MM- growth of abnormal cells in the bone marrow
AL (primary) amyloidosis- build up of light chains produced by the abnormal cells
Myeloma Bone Disease (MBD)
> 80% of MM patients suffer from destructive bony lesions, leading to pain, fractures, mobility issues, and neurological deficits
Multiple myeloma treatment- Bisphosphonates
inhibit osteoclast action, help ensure normokalaemia and can help reduce skeletal events in long term
Aims of myeloma treatment
Incurable
Reduce no myeloma cells
Reduce symptoms and complications
Improve quality and length of life
Haematopoietic Stem Cell Transplants (HSCT)

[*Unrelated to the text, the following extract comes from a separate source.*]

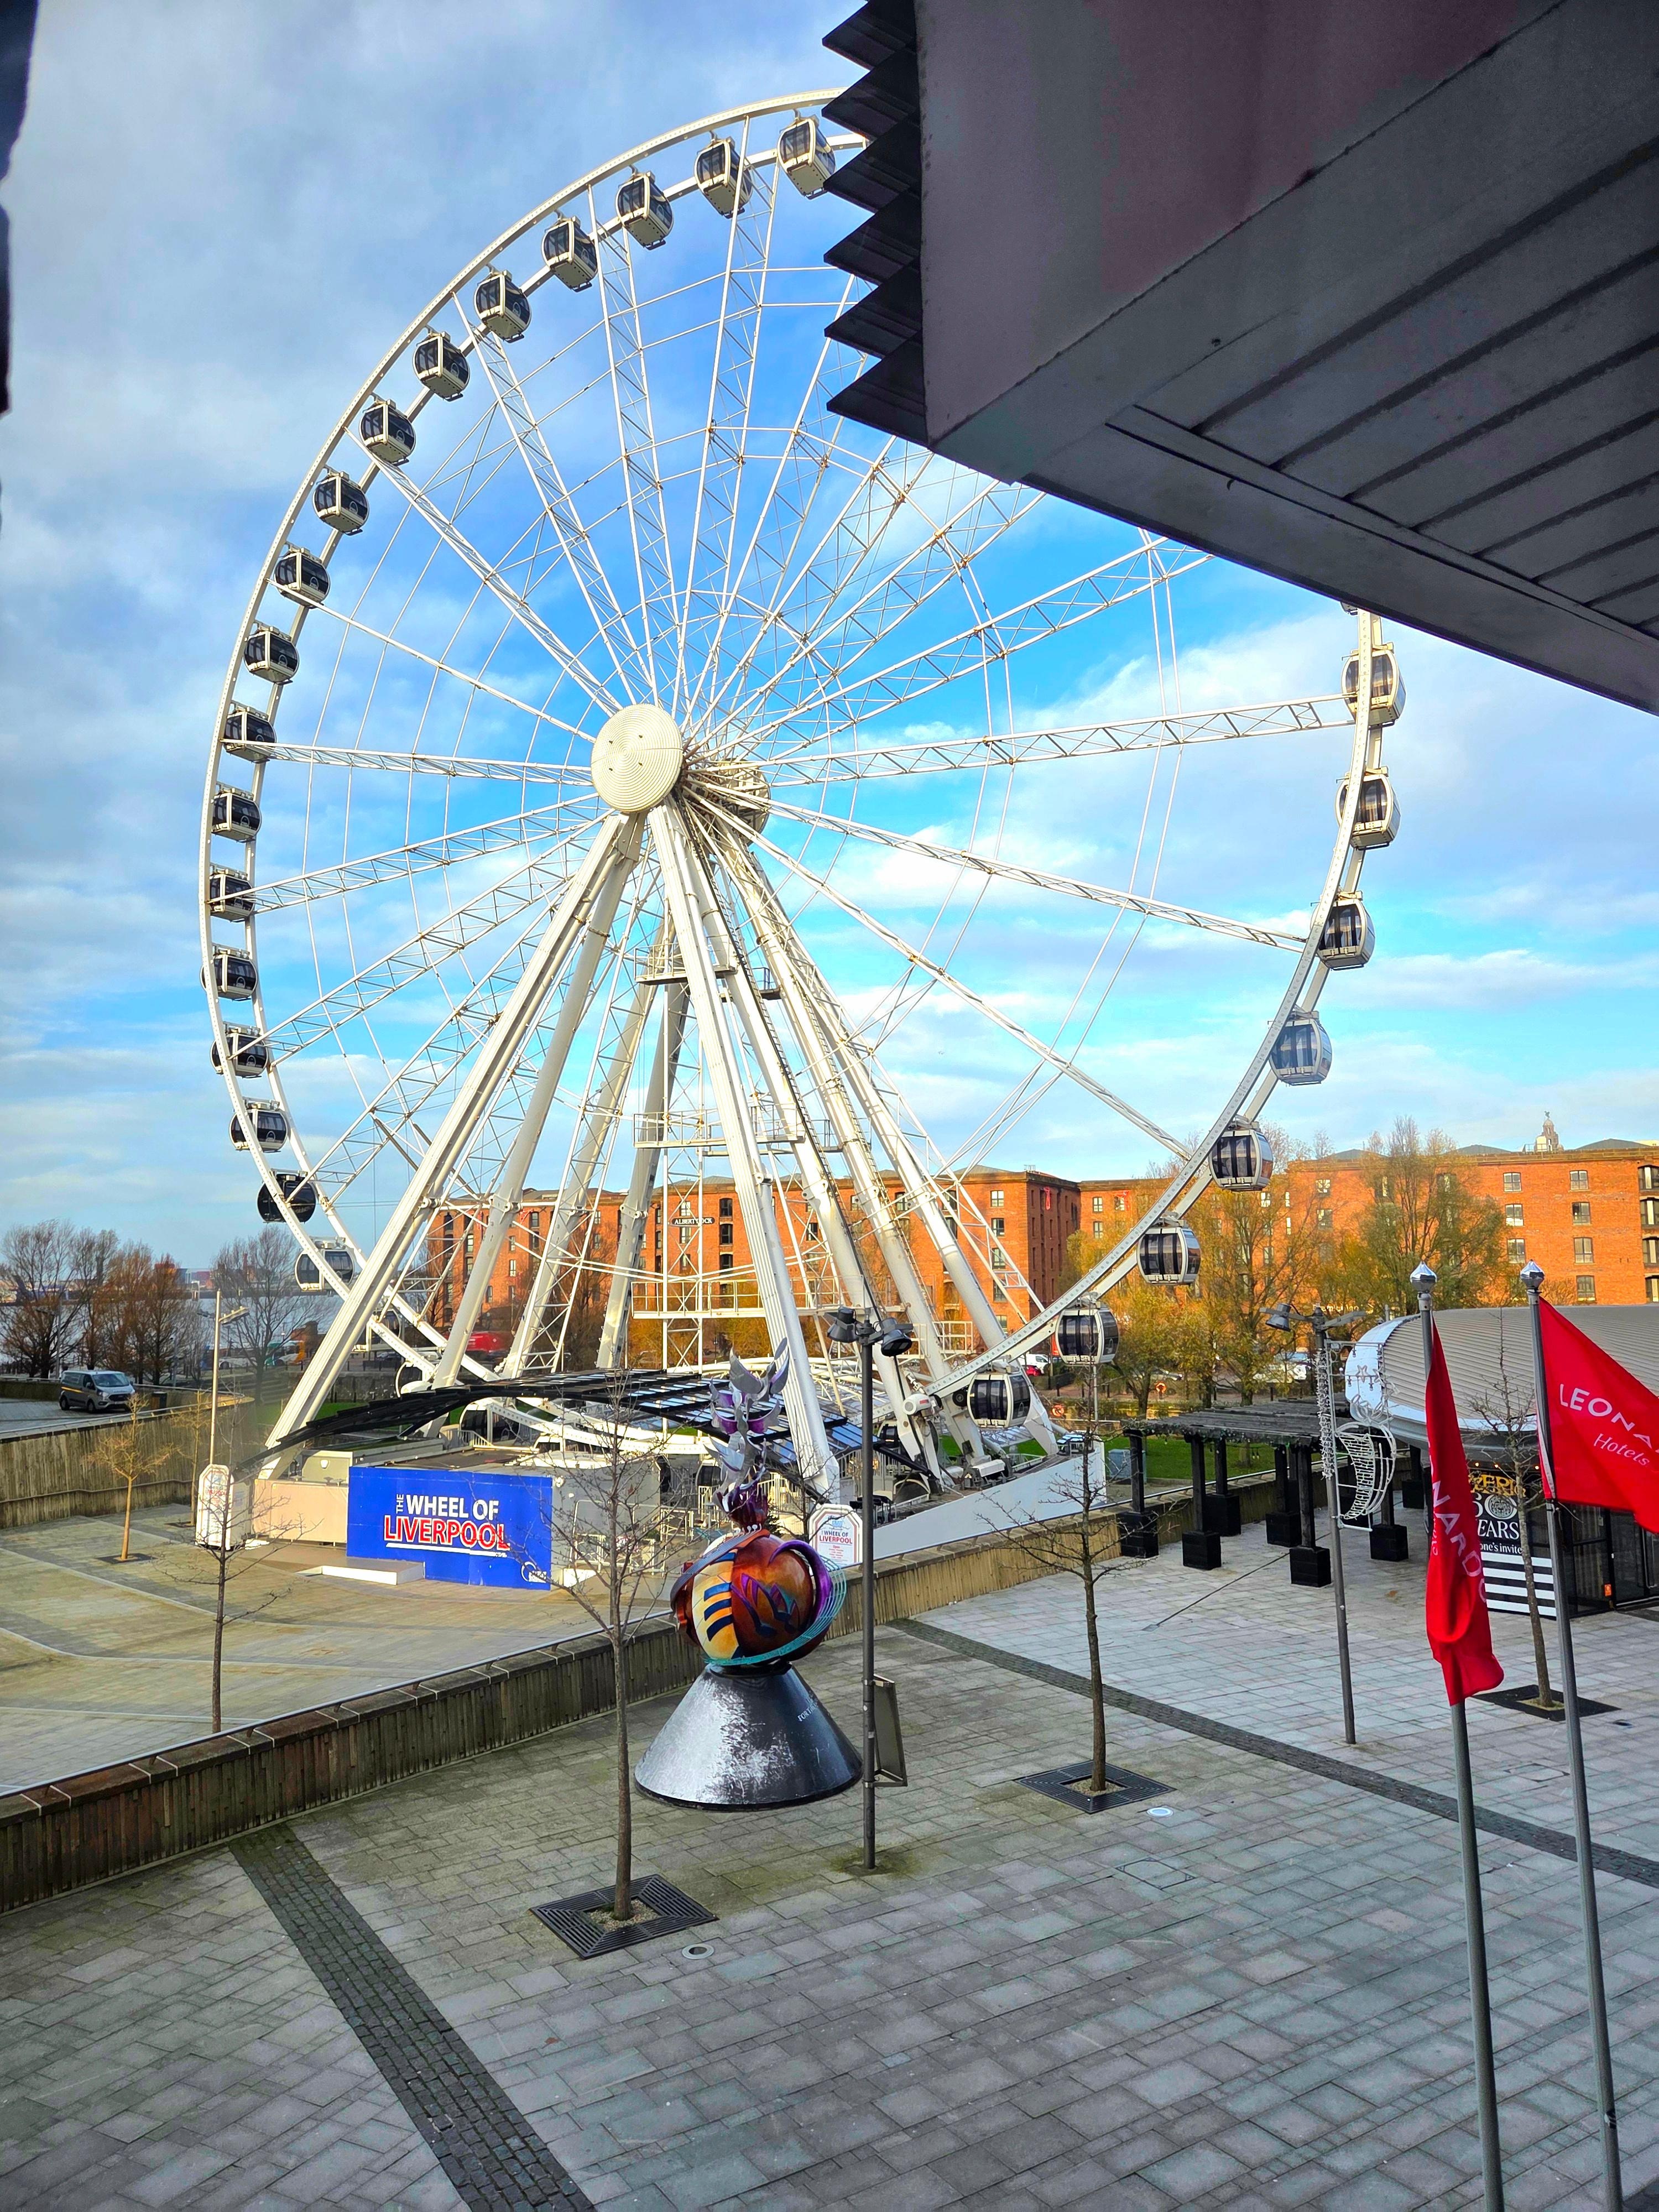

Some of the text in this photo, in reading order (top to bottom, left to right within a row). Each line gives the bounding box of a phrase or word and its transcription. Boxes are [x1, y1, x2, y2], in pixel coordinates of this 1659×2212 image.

procedure where hematopoietic stem cells of any donor and any source are given to a recipient with intention of repopulating/ replacing the hematopoietic system
HSCT as treatment of blood cancers
Almost never first step, never offered instead of chemotherapy, control cancer 1st (using chemo/ targeted treatment), then perform HSCT
Stem cell transplant- Autologous
Obtained from the patient, frozen prior to chemo
no risk of rejection For Myeloma and Lymphoma
No Graft versus Malignancy Effect
HSCT- Graft versus Malignancy Effect
appears after HSCT. The graft contains donor T cells that can eliminate residual malignant cells
Stem cell transplant- Allogeneic
Stem cells from a suitable donor
Rejection/Graft vs Host Disease unique side effects
Takes longer for immune system to recover- infections common
Blood cancers like AML, ALL, MDS that cannot be cured by chemotherapy
Immunotherapy works against Cancer
Donors of stem cells
Related (siblings have 25% of being a match)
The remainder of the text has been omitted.